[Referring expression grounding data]
※ ※ ※

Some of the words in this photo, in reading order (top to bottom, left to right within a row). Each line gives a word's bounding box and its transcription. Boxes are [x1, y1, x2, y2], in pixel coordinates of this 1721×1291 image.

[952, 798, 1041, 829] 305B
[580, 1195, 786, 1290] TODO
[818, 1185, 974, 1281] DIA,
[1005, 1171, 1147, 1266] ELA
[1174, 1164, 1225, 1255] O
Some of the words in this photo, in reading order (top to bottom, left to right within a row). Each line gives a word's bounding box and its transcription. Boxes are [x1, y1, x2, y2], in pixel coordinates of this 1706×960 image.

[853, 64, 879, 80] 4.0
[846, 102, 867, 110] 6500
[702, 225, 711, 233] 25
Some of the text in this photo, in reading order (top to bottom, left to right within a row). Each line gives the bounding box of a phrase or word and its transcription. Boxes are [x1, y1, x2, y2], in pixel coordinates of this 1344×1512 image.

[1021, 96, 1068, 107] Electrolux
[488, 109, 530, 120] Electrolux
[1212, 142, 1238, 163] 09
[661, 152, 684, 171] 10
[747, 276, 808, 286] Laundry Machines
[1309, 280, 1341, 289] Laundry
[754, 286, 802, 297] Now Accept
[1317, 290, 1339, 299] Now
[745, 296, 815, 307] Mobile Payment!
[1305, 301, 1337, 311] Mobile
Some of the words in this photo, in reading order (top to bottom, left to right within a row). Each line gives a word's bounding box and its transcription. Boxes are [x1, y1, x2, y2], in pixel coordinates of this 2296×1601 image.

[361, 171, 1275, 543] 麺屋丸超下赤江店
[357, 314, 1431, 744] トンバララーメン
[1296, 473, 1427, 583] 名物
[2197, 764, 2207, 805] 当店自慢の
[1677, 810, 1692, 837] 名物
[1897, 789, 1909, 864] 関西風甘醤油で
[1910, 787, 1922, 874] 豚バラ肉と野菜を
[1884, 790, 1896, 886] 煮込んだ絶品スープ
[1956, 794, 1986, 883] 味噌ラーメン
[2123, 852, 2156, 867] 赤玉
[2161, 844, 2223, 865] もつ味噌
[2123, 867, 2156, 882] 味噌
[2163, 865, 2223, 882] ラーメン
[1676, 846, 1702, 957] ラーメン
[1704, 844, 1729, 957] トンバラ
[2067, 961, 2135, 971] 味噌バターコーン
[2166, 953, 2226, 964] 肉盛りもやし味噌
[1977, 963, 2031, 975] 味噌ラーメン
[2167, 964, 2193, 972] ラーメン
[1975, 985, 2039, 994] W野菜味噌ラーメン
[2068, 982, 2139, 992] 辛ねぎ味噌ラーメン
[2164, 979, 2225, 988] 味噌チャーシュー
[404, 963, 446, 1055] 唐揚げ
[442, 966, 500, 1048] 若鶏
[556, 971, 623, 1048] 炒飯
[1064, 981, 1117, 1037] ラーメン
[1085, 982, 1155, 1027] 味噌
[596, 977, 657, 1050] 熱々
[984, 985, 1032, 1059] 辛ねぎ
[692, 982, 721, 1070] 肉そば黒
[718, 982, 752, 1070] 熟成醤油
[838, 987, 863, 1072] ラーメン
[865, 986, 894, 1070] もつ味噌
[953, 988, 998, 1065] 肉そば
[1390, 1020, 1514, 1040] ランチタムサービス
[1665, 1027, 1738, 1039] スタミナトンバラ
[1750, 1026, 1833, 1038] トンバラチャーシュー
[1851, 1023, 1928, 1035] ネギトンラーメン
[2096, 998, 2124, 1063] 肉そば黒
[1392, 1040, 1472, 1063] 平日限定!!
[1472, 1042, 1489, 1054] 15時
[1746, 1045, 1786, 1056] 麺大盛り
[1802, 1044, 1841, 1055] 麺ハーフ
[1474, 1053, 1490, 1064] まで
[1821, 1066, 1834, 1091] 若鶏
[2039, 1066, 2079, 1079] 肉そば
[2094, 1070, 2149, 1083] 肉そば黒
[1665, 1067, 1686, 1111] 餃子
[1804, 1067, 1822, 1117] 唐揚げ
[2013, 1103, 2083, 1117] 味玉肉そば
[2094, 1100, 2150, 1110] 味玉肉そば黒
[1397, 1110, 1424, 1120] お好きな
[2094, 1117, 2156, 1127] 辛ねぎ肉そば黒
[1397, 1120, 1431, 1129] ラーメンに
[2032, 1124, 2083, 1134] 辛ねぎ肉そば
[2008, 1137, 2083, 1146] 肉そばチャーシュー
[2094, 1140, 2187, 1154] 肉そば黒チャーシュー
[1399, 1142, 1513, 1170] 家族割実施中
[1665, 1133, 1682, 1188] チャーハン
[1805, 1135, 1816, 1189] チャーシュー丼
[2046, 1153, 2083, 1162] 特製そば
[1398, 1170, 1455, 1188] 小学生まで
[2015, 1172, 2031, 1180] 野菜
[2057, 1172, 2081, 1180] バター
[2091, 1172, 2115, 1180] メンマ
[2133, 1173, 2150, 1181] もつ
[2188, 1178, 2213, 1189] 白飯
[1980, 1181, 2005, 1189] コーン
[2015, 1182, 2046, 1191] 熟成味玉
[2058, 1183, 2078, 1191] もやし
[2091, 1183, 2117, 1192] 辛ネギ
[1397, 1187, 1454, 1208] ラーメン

※ ※ ※

→ **Work instruction**:
Could you copy every record above exactly as it stands?

→ **Task solution**:
Some of the words in this photo, in reading order (top to bottom, left to right within a row). Each line gives a word's bounding box and its transcription. Boxes are [x1, y1, x2, y2], in pixel coordinates of this 1721×1291 image.

[952, 798, 1041, 829] 305B
[580, 1195, 786, 1290] TODO
[818, 1185, 974, 1281] DIA,
[1005, 1171, 1147, 1266] ELA
[1174, 1164, 1225, 1255] O
Some of the words in this photo, in reading order (top to bottom, left to right within a row). Each line gives a word's bounding box and its transcription. Boxes are [x1, y1, x2, y2], in pixel coordinates of this 1706×960 image.

[853, 64, 879, 80] 4.0
[846, 102, 867, 110] 6500
[702, 225, 711, 233] 25
Some of the text in this photo, in reading order (top to bottom, left to right within a row). Each line gives the bounding box of a phrase or word and its transcription. Boxes are [x1, y1, x2, y2], in pixel coordinates of this 1344×1512 image.

[1021, 96, 1068, 107] Electrolux
[488, 109, 530, 120] Electrolux
[1212, 142, 1238, 163] 09
[661, 152, 684, 171] 10
[747, 276, 808, 286] Laundry Machines
[1309, 280, 1341, 289] Laundry
[754, 286, 802, 297] Now Accept
[1317, 290, 1339, 299] Now
[745, 296, 815, 307] Mobile Payment!
[1305, 301, 1337, 311] Mobile
Some of the words in this photo, in reading order (top to bottom, left to right within a row). Each line gives a word's bounding box and its transcription. Boxes are [x1, y1, x2, y2], in pixel coordinates of this 2296×1601 image.

[361, 171, 1275, 543] 麺屋丸超下赤江店
[357, 314, 1431, 744] トンバララーメン
[1296, 473, 1427, 583] 名物
[2197, 764, 2207, 805] 当店自慢の
[1677, 810, 1692, 837] 名物
[1897, 789, 1909, 864] 関西風甘醤油で
[1910, 787, 1922, 874] 豚バラ肉と野菜を
[1884, 790, 1896, 886] 煮込んだ絶品スープ
[1956, 794, 1986, 883] 味噌ラーメン
[2123, 852, 2156, 867] 赤玉
[2161, 844, 2223, 865] もつ味噌
[2123, 867, 2156, 882] 味噌
[2163, 865, 2223, 882] ラーメン
[1676, 846, 1702, 957] ラーメン
[1704, 844, 1729, 957] トンバラ
[2067, 961, 2135, 971] 味噌バターコーン
[2166, 953, 2226, 964] 肉盛りもやし味噌
[1977, 963, 2031, 975] 味噌ラーメン
[2167, 964, 2193, 972] ラーメン
[1975, 985, 2039, 994] W野菜味噌ラーメン
[2068, 982, 2139, 992] 辛ねぎ味噌ラーメン
[2164, 979, 2225, 988] 味噌チャーシュー
[404, 963, 446, 1055] 唐揚げ
[442, 966, 500, 1048] 若鶏
[556, 971, 623, 1048] 炒飯
[1064, 981, 1117, 1037] ラーメン
[1085, 982, 1155, 1027] 味噌
[596, 977, 657, 1050] 熱々
[984, 985, 1032, 1059] 辛ねぎ
[692, 982, 721, 1070] 肉そば黒
[718, 982, 752, 1070] 熟成醤油
[838, 987, 863, 1072] ラーメン
[865, 986, 894, 1070] もつ味噌
[953, 988, 998, 1065] 肉そば
[1390, 1020, 1514, 1040] ランチタムサービス
[1665, 1027, 1738, 1039] スタミナトンバラ
[1750, 1026, 1833, 1038] トンバラチャーシュー
[1851, 1023, 1928, 1035] ネギトンラーメン
[2096, 998, 2124, 1063] 肉そば黒
[1392, 1040, 1472, 1063] 平日限定!!
[1472, 1042, 1489, 1054] 15時
[1746, 1045, 1786, 1056] 麺大盛り
[1802, 1044, 1841, 1055] 麺ハーフ
[1474, 1053, 1490, 1064] まで
[1821, 1066, 1834, 1091] 若鶏
[2039, 1066, 2079, 1079] 肉そば
[2094, 1070, 2149, 1083] 肉そば黒
[1665, 1067, 1686, 1111] 餃子
[1804, 1067, 1822, 1117] 唐揚げ
[2013, 1103, 2083, 1117] 味玉肉そば
[2094, 1100, 2150, 1110] 味玉肉そば黒
[1397, 1110, 1424, 1120] お好きな
[2094, 1117, 2156, 1127] 辛ねぎ肉そば黒
[1397, 1120, 1431, 1129] ラーメンに
[2032, 1124, 2083, 1134] 辛ねぎ肉そば
[2008, 1137, 2083, 1146] 肉そばチャーシュー
[2094, 1140, 2187, 1154] 肉そば黒チャーシュー
[1399, 1142, 1513, 1170] 家族割実施中
[1665, 1133, 1682, 1188] チャーハン
[1805, 1135, 1816, 1189] チャーシュー丼
[2046, 1153, 2083, 1162] 特製そば
[1398, 1170, 1455, 1188] 小学生まで
[2015, 1172, 2031, 1180] 野菜
[2057, 1172, 2081, 1180] バター
[2091, 1172, 2115, 1180] メンマ
[2133, 1173, 2150, 1181] もつ
[2188, 1178, 2213, 1189] 白飯
[1980, 1181, 2005, 1189] コーン
[2015, 1182, 2046, 1191] 熟成味玉
[2058, 1183, 2078, 1191] もやし
[2091, 1183, 2117, 1192] 辛ネギ
[1397, 1187, 1454, 1208] ラーメン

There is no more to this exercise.